**Dataset entries**.
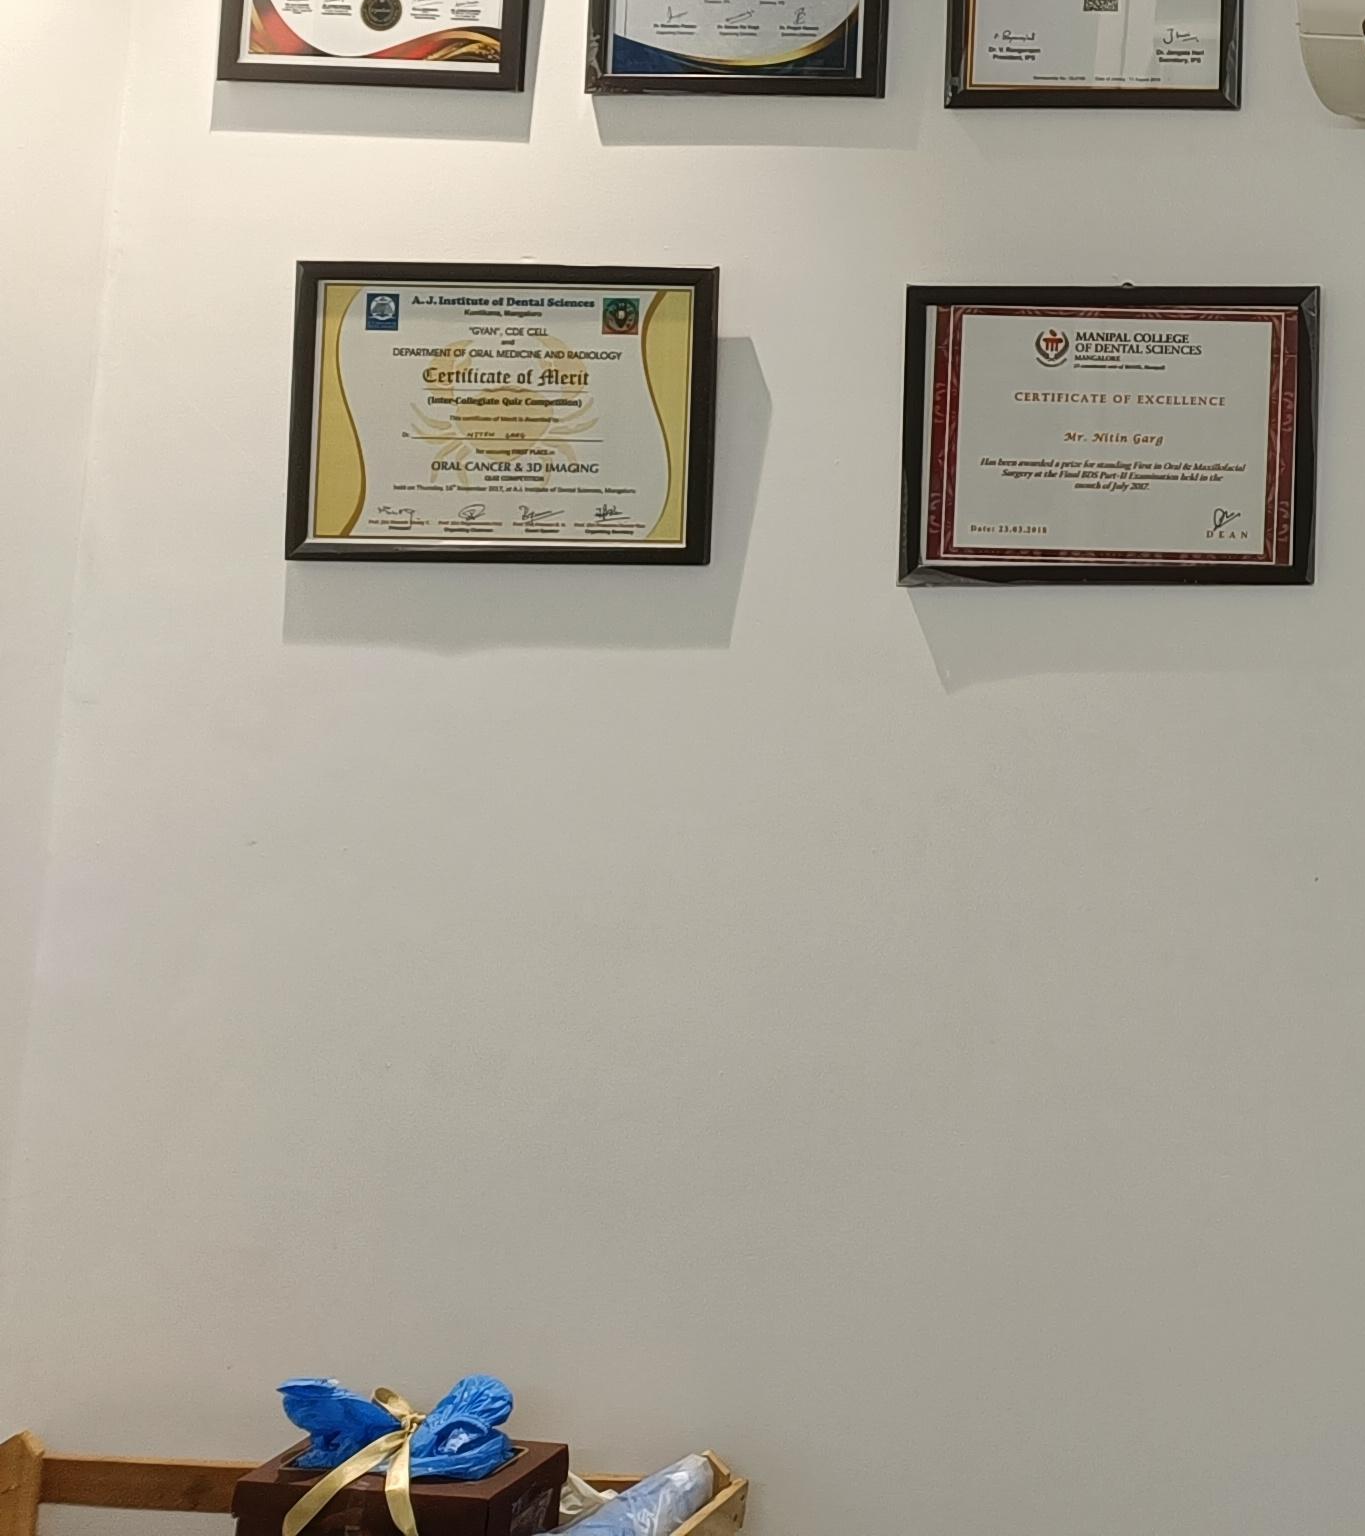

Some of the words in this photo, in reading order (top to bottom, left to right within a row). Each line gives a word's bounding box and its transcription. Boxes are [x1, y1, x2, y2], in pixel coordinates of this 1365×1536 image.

[439, 297, 490, 306] Institute
[492, 297, 504, 306] of
[506, 298, 545, 307] Dental
[547, 299, 595, 308] Sciences
[527, 328, 548, 336] CELL
[1076, 332, 1130, 342] MANIPAL
[1134, 333, 1189, 343] COLLEGE
[393, 347, 450, 357] DEPARTMENT
[454, 349, 467, 357] OF
[469, 349, 493, 358] ORAL
[496, 350, 541, 359] MEDICINE
[544, 351, 564, 359] AND
[567, 351, 623, 360] RADIOLOGY
[1075, 343, 1092, 353] OF
[1095, 344, 1143, 354] DENTAL
[1146, 345, 1202, 355] SCIENCES
[422, 368, 510, 385] Certificate
[517, 369, 532, 384] of
[537, 370, 589, 386] Merit
[1015, 392, 1107, 403] CERTIFICATE
[1113, 394, 1131, 404] OF
[1137, 396, 1225, 406] EXCELLENCE
[1064, 432, 1087, 442] Mr.
[1092, 433, 1128, 443] Nitin
[1134, 434, 1164, 446] Garg
[431, 461, 461, 471] ORAL
[464, 462, 511, 473] CANCER
[515, 463, 523, 472] &
[526, 463, 542, 473] 3D
[545, 463, 599, 474] IMAGING

**Activity**. All of the data above should be printed again exactly, though none of the pictures belong in the copy.

**Completed exercise**.
Some of the words in this photo, in reading order (top to bottom, left to right within a row). Each line gives a word's bounding box and its transcription. Boxes are [x1, y1, x2, y2], in pixel coordinates of this 1365×1536 image.

[439, 297, 490, 306] Institute
[492, 297, 504, 306] of
[506, 298, 545, 307] Dental
[547, 299, 595, 308] Sciences
[527, 328, 548, 336] CELL
[1076, 332, 1130, 342] MANIPAL
[1134, 333, 1189, 343] COLLEGE
[393, 347, 450, 357] DEPARTMENT
[454, 349, 467, 357] OF
[469, 349, 493, 358] ORAL
[496, 350, 541, 359] MEDICINE
[544, 351, 564, 359] AND
[567, 351, 623, 360] RADIOLOGY
[1075, 343, 1092, 353] OF
[1095, 344, 1143, 354] DENTAL
[1146, 345, 1202, 355] SCIENCES
[422, 368, 510, 385] Certificate
[517, 369, 532, 384] of
[537, 370, 589, 386] Merit
[1015, 392, 1107, 403] CERTIFICATE
[1113, 394, 1131, 404] OF
[1137, 396, 1225, 406] EXCELLENCE
[1064, 432, 1087, 442] Mr.
[1092, 433, 1128, 443] Nitin
[1134, 434, 1164, 446] Garg
[431, 461, 461, 471] ORAL
[464, 462, 511, 473] CANCER
[515, 463, 523, 472] &
[526, 463, 542, 473] 3D
[545, 463, 599, 474] IMAGING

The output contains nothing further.